Data provided
-------------------------

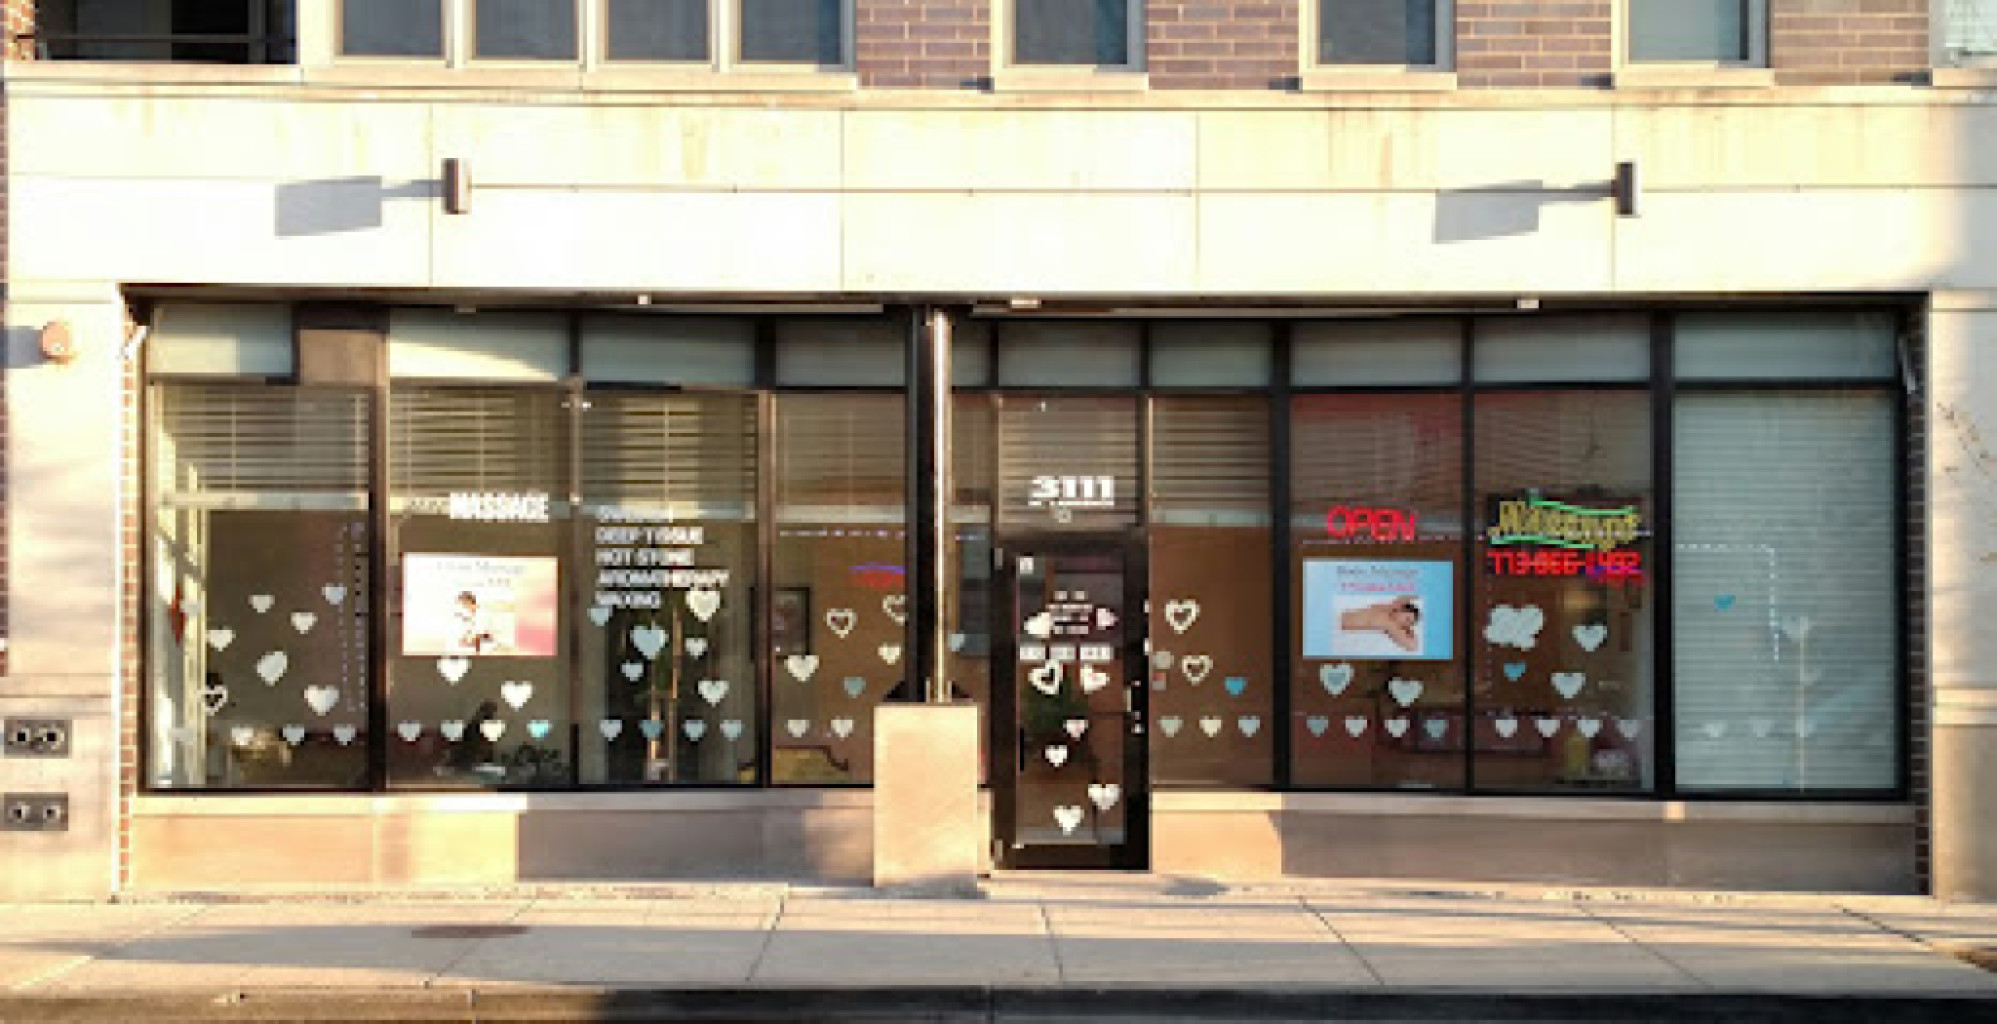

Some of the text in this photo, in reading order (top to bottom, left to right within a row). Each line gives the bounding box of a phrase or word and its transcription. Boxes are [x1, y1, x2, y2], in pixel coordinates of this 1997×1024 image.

[1029, 475, 1115, 499] 3111
[449, 492, 549, 523] MASSAGE
[1327, 505, 1417, 541] OPEN
[595, 526, 704, 545] DEEP TISSUE
[595, 548, 695, 566] HOT STONE
[595, 569, 730, 588] AROMATHERAPY
[595, 590, 662, 609] WAXING
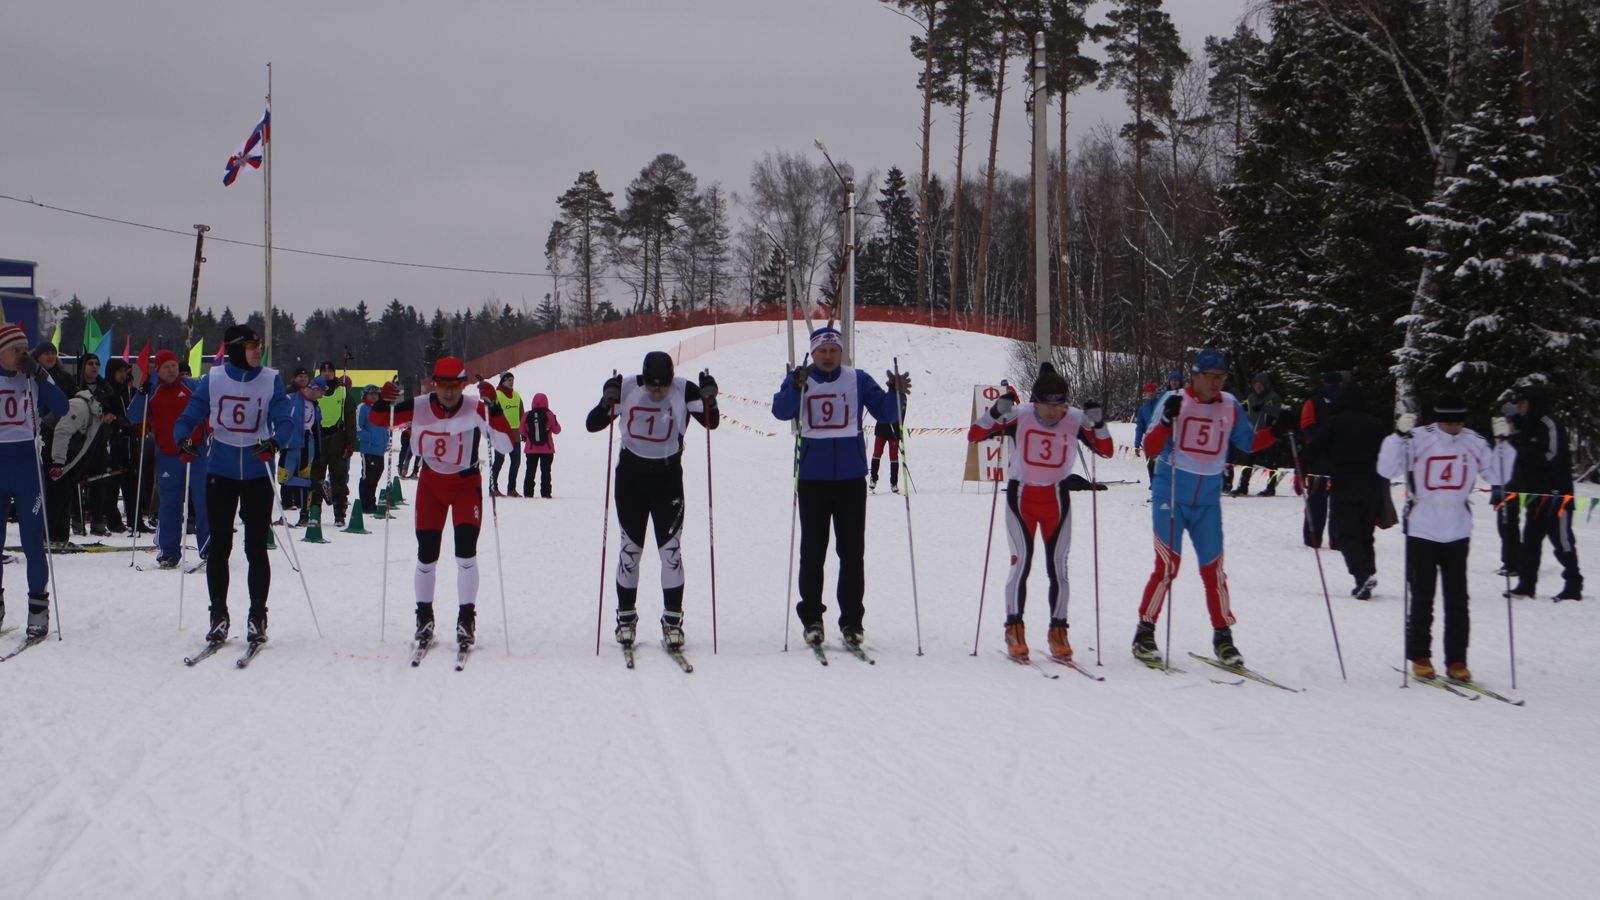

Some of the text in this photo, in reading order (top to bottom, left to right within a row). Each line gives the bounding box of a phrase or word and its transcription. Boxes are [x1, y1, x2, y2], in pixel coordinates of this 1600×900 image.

[233, 403, 246, 425] 6
[822, 401, 833, 422] 9
[645, 415, 655, 435] 1
[1196, 424, 1211, 446] 5
[434, 438, 446, 457] 8
[1039, 439, 1052, 460] 3
[1440, 462, 1453, 482] 4

-------------------------

Task description
Could you repeat the data exactly, omitting its pictures?

Response area
Some of the text in this photo, in reading order (top to bottom, left to right within a row). Each line gives the bounding box of a phrase or word and its transcription. Boxes are [x1, y1, x2, y2], in pixel coordinates of this 1997×1024 image.

[1029, 475, 1115, 499] 3111
[449, 492, 549, 523] MASSAGE
[1327, 505, 1417, 541] OPEN
[595, 526, 704, 545] DEEP TISSUE
[595, 548, 695, 566] HOT STONE
[595, 569, 730, 588] AROMATHERAPY
[595, 590, 662, 609] WAXING

Some of the text in this photo, in reading order (top to bottom, left to right within a row). Each line gives the bounding box of a phrase or word and its transcription. Boxes are [x1, y1, x2, y2], in pixel coordinates of this 1600×900 image.

[233, 403, 246, 425] 6
[822, 401, 833, 422] 9
[645, 415, 655, 435] 1
[1196, 424, 1211, 446] 5
[434, 438, 446, 457] 8
[1039, 439, 1052, 460] 3
[1440, 462, 1453, 482] 4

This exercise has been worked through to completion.